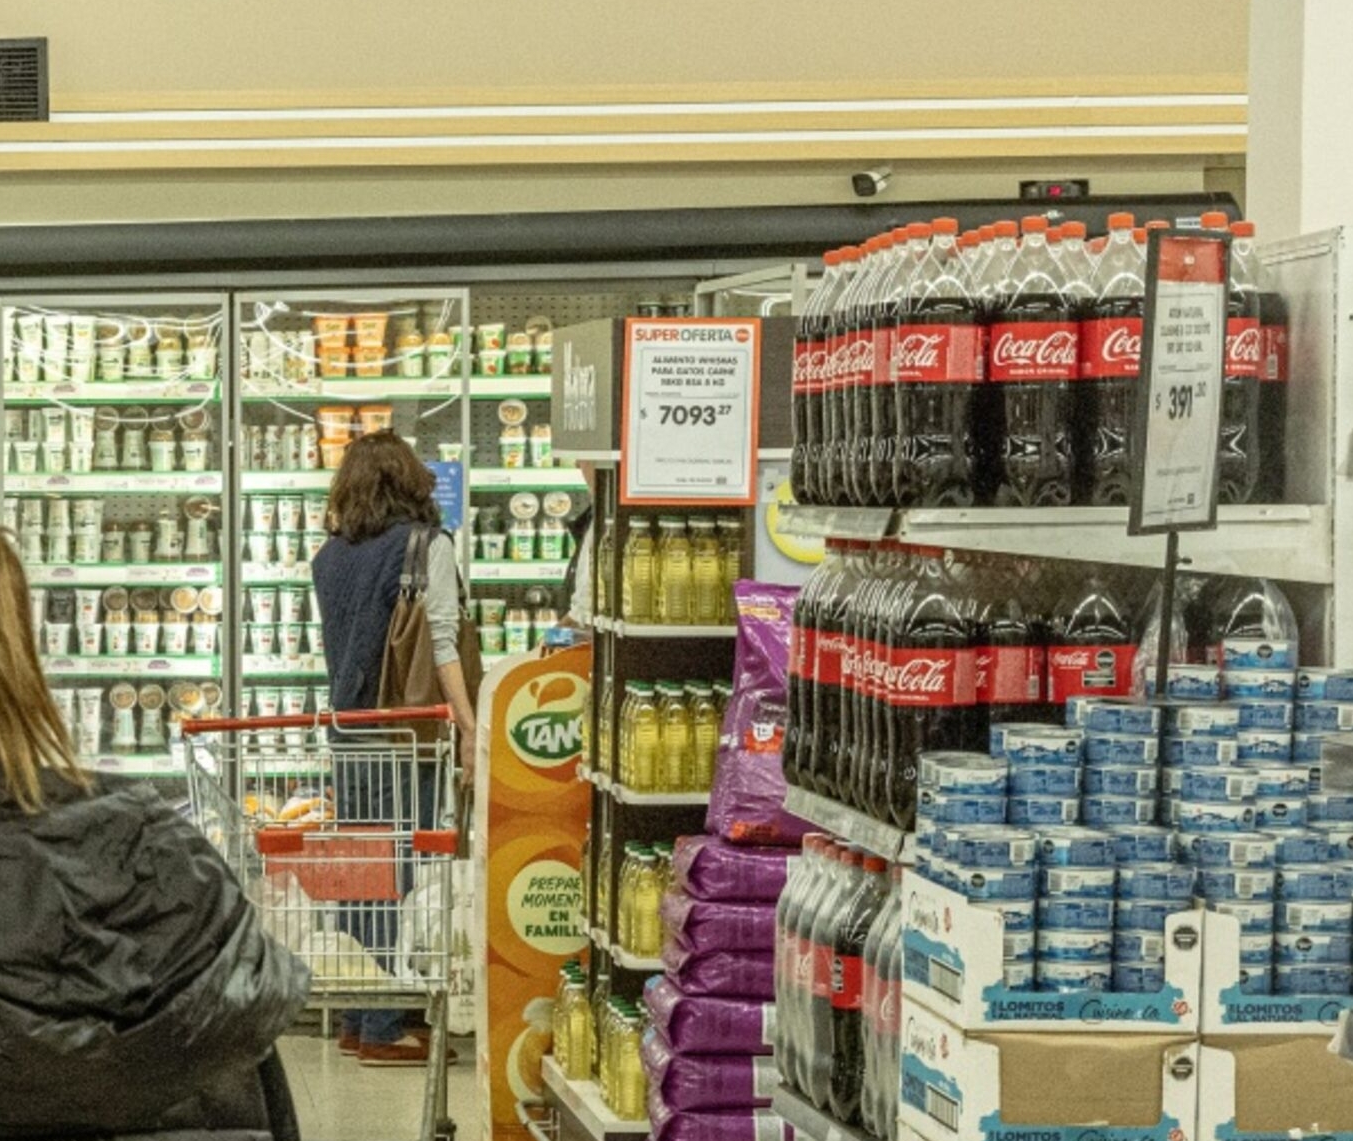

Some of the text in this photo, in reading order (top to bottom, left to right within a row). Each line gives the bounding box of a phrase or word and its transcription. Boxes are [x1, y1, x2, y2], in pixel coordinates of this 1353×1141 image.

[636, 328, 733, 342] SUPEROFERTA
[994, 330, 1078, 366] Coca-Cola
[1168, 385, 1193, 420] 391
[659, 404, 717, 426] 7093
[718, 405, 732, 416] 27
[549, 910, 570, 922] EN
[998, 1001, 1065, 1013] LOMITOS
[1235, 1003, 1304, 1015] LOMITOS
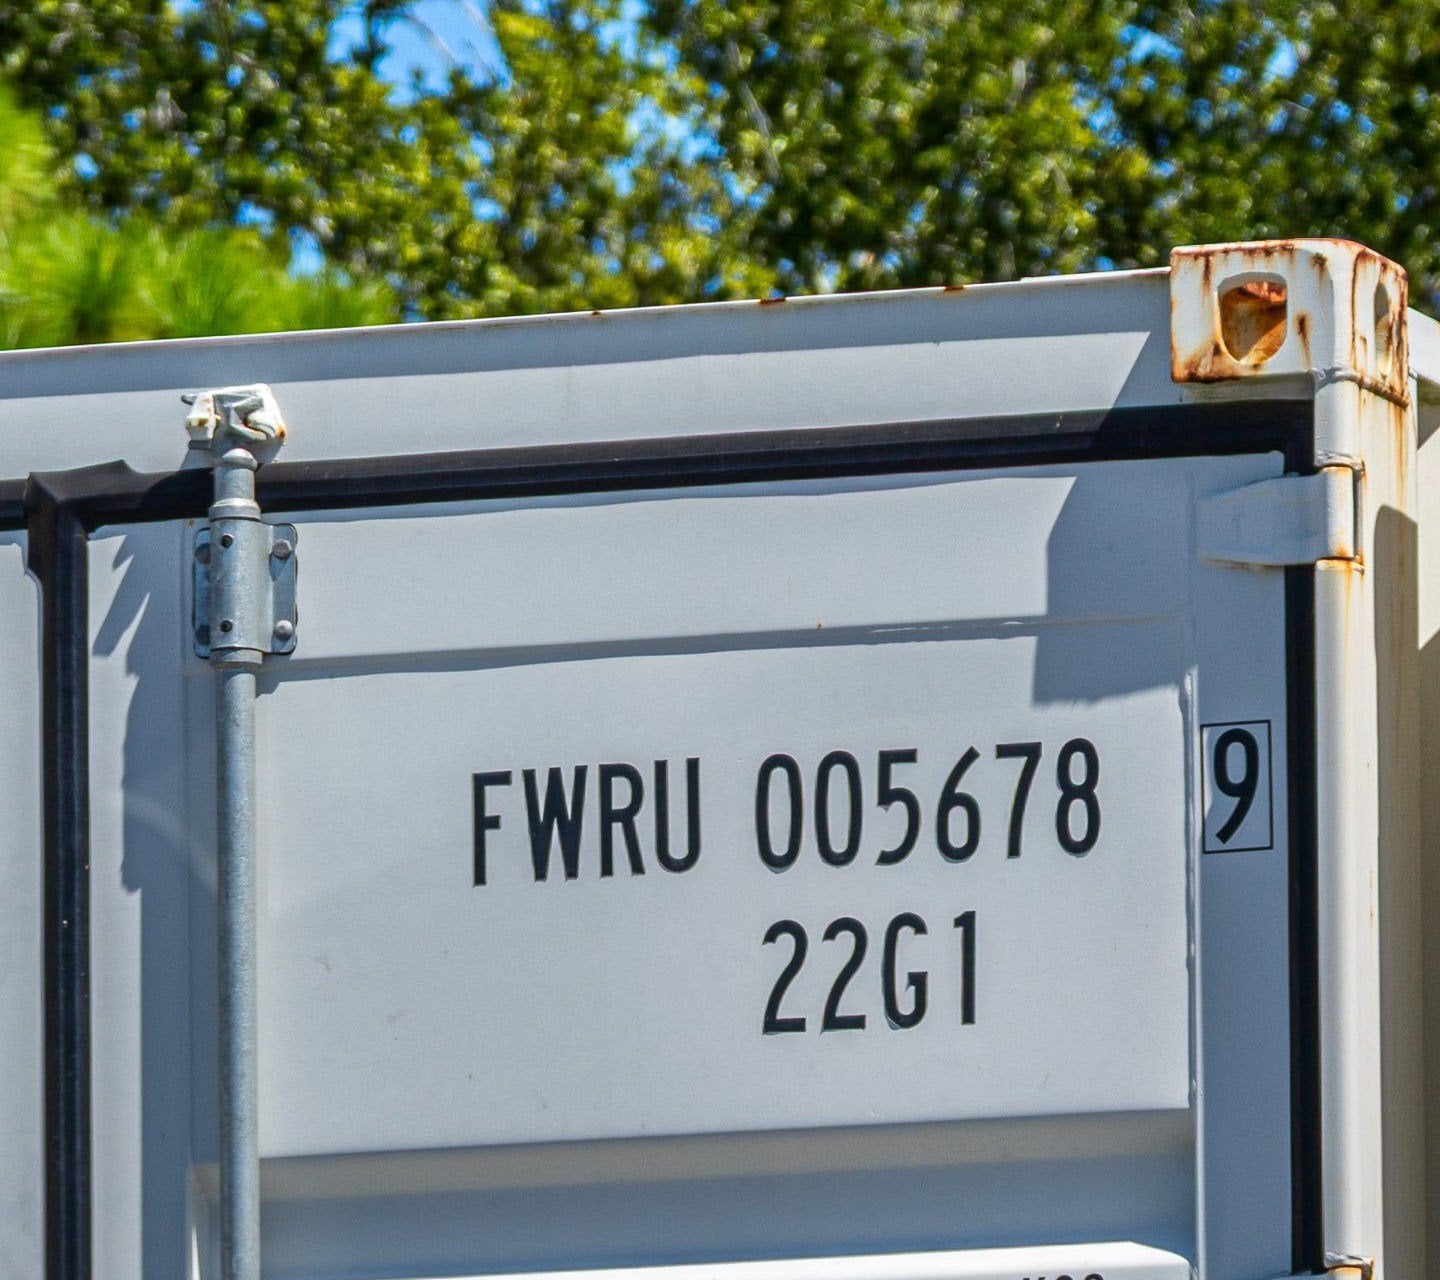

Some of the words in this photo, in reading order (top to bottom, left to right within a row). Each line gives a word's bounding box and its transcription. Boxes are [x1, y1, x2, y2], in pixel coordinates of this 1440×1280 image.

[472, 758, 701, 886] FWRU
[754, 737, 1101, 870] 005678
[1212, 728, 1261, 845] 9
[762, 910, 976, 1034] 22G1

::::

TO DO —
Each line above is to be copied exactly, and the pictures are to be dropped.

ANSWER AREA —
Some of the text in this photo, in reading order (top to bottom, left to right within a row). Each line gives the bounding box of a phrase or word and its transcription. Boxes are [x1, y1, x2, y2], in pixel coordinates of this 1353×1141 image.

[636, 328, 733, 342] SUPEROFERTA
[994, 330, 1078, 366] Coca-Cola
[1168, 385, 1193, 420] 391
[659, 404, 717, 426] 7093
[718, 405, 732, 416] 27
[549, 910, 570, 922] EN
[998, 1001, 1065, 1013] LOMITOS
[1235, 1003, 1304, 1015] LOMITOS

Some of the words in this photo, in reading order (top to bottom, left to right within a row). Each line gives a word's bounding box and its transcription. Boxes are [x1, y1, x2, y2], in pixel coordinates of this 1440×1280 image.

[472, 758, 701, 886] FWRU
[754, 737, 1101, 870] 005678
[1212, 728, 1261, 845] 9
[762, 910, 976, 1034] 22G1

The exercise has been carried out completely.